DCMedical News: Friday, September 16, 2022
DCMedical News is published every day both the House and the Senate are scheduled to be in session.
THE BIG STORY Thursday, September 15, 2022
Census Bureau Study Shows Variability in Uninsured, Covered Populations
The newly released American Community Survey (here) shows a decline in the share of people without health insurance, driven by an increase in public coverage in 36 of the States. “During the past two years, Congress passed measures to improve access to public and private health insurance coverage during the COVID-19 Public Health Emergency including continuing coverage for people receiving Medicaid and introducing policies to help people access and afford the cost of care. These and other federal and state policies contributed to an increase in public coverage in 36 states, leading to lower uninsured rates in 28 states in 2021. Only one state – North Dakota – had a higher uninsured rate in 2021 than in 2019.”

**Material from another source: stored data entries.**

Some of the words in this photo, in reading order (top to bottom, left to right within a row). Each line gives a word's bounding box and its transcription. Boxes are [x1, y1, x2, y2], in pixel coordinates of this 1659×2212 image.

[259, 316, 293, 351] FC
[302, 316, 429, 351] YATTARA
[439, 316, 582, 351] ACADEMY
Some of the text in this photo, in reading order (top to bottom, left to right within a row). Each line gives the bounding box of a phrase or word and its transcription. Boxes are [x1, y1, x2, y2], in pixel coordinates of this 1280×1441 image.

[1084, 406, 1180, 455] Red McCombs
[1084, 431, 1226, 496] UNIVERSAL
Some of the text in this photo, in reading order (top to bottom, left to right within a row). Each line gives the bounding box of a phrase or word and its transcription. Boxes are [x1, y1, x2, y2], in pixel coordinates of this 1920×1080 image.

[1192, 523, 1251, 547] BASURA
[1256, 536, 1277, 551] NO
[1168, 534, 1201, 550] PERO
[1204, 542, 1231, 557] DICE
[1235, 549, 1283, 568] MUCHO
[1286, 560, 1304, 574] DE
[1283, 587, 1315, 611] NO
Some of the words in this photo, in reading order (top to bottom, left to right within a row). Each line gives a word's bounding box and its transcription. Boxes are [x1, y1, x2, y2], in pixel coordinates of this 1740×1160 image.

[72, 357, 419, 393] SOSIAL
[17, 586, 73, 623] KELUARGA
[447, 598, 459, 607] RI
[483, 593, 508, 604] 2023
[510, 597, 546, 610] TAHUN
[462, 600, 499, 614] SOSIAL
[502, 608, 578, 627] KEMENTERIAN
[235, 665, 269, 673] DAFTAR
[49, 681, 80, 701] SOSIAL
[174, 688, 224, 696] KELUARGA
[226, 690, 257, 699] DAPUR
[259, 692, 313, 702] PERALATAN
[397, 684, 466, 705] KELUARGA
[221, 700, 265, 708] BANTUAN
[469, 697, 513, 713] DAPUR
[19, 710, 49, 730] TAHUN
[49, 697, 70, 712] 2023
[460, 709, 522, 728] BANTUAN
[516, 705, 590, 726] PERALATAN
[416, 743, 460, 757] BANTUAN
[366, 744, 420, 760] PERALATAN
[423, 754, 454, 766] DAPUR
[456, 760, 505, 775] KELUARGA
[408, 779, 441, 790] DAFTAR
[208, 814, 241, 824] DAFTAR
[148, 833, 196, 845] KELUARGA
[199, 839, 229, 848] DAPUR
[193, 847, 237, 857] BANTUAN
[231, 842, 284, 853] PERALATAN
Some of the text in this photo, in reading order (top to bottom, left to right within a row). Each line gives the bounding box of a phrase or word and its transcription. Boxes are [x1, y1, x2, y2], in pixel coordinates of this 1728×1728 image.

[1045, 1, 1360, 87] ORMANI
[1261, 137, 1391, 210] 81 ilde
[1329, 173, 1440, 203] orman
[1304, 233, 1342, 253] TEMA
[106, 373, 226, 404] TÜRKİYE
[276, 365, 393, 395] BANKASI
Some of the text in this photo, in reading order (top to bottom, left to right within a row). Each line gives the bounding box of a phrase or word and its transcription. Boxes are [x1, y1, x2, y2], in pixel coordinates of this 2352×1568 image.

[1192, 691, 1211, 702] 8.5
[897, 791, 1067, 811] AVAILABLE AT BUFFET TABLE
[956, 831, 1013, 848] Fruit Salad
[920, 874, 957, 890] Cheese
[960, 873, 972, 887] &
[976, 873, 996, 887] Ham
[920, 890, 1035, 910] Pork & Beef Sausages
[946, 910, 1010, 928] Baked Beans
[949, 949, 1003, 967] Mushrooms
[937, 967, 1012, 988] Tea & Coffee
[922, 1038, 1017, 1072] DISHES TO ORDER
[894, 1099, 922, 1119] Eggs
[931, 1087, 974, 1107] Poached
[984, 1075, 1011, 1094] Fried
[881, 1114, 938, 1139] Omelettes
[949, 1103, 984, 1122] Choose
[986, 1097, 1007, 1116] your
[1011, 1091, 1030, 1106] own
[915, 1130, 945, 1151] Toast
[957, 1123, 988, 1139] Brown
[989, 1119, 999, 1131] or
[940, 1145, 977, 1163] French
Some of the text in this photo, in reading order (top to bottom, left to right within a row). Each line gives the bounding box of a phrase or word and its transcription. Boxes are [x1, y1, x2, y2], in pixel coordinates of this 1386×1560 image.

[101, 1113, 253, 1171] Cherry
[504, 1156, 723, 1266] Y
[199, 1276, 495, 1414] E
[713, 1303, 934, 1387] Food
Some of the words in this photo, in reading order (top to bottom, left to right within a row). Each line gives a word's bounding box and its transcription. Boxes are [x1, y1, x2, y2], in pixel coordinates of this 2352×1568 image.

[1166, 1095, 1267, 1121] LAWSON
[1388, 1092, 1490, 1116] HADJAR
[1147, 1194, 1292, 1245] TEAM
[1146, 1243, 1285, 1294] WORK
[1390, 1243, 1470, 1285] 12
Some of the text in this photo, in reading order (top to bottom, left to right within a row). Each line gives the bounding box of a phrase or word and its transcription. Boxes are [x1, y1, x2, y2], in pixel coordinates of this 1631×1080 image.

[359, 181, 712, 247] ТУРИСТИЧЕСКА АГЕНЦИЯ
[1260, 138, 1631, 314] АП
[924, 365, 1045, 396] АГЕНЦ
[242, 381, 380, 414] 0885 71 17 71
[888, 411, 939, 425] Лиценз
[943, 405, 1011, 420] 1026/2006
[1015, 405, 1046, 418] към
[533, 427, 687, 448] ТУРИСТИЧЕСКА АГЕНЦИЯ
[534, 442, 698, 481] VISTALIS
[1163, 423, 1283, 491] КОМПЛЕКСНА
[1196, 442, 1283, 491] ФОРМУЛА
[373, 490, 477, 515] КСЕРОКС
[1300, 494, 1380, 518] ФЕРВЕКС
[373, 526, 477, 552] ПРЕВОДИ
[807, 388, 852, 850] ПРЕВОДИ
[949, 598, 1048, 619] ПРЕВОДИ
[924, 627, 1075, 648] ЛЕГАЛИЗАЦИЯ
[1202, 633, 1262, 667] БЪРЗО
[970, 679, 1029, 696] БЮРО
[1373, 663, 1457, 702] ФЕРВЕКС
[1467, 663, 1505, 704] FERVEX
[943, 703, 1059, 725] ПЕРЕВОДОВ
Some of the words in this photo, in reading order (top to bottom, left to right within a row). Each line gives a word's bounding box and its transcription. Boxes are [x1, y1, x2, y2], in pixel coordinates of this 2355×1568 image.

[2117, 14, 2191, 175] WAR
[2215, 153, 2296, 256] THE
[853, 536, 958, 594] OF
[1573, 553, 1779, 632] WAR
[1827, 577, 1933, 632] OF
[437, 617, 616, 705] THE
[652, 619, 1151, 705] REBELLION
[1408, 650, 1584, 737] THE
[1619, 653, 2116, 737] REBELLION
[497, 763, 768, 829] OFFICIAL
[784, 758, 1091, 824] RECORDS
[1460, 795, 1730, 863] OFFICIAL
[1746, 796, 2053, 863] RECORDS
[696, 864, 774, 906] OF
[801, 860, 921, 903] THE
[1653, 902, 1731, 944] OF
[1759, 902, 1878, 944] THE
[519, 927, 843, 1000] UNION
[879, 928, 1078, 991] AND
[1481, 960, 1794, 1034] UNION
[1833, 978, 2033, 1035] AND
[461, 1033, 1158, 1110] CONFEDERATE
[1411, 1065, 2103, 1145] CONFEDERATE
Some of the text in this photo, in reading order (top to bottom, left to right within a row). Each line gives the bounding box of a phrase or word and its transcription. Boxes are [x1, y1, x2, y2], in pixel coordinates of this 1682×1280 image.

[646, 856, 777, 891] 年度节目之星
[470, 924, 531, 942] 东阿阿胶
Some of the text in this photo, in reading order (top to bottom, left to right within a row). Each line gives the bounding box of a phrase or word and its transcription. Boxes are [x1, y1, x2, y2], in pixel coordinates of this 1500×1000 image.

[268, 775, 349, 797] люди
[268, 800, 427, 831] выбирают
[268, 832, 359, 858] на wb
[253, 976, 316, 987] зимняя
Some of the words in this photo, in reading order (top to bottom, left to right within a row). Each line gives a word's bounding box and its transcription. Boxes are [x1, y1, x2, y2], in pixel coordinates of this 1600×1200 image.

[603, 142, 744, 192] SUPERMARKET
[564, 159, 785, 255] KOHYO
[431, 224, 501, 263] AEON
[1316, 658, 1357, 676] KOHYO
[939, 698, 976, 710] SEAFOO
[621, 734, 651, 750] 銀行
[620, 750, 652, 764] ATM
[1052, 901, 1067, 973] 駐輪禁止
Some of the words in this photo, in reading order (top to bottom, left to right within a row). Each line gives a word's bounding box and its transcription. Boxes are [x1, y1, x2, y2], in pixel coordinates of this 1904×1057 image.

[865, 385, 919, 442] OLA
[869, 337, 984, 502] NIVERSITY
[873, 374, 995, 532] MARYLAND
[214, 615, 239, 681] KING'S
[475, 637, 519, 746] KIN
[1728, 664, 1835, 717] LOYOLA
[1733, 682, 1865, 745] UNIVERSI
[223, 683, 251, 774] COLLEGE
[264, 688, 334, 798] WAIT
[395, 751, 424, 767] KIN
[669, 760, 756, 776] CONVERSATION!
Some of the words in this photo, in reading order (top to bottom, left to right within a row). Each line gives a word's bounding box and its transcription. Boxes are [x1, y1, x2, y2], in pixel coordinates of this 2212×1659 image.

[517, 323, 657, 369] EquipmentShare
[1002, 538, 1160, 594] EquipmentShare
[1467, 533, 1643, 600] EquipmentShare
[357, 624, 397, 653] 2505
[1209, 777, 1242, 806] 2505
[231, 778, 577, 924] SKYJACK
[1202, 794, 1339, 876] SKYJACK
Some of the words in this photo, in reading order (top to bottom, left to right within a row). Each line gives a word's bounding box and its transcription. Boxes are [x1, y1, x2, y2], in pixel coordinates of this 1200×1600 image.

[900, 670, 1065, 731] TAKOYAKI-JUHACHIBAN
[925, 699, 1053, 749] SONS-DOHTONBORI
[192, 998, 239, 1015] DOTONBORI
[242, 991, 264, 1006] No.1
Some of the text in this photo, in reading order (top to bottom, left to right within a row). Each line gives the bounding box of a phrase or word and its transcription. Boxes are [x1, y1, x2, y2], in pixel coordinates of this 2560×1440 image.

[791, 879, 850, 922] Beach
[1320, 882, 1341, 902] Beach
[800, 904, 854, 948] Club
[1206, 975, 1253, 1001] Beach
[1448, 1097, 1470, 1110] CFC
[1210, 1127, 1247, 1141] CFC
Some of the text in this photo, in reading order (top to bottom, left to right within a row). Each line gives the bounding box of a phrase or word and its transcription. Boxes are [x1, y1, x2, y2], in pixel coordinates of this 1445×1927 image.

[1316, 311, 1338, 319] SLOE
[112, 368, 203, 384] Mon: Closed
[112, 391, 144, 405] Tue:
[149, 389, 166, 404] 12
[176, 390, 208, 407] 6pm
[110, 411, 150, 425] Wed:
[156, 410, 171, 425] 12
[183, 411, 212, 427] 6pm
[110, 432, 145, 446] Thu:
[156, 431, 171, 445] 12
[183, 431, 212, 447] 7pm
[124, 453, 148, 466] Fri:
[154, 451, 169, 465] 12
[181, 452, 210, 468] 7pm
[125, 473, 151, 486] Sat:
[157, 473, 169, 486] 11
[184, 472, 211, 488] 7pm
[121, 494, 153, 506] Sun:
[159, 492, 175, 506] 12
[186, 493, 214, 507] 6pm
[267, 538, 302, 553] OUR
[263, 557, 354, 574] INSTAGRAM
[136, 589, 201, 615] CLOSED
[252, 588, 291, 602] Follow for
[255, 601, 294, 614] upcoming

Christian Owned Company Objects to Requiring HIV Prevention Drugs in Obamacare Plans; a Federal Judge Agrees
BMJ reports (here) “The future of preventive medical services under the Affordable Care Act (ACA), often referred to as Obamacare, is in doubt following a 7 September decision [here] by federal judge Reed O’Connor in Fort Worth, Texas. O’Connor struck down a key provision of the ACA that requires insurers and employers to cover HIV prevention drugs, on the grounds that the requirement violates the religious freedom of a Christian owned company.” Washington Post coverage here.
The Patient Protection and Affordable Care Act requires that all health insurance automatically cover basic prevention services such as screening for disease and the provision of vaccinations, and prohibits additional co-payments by patients who use those services, the covered list developed by the US Preventive Services Task Force (PSTF). Created the 1984, the USPSTF had only advisory authority, but that changed with PPACA.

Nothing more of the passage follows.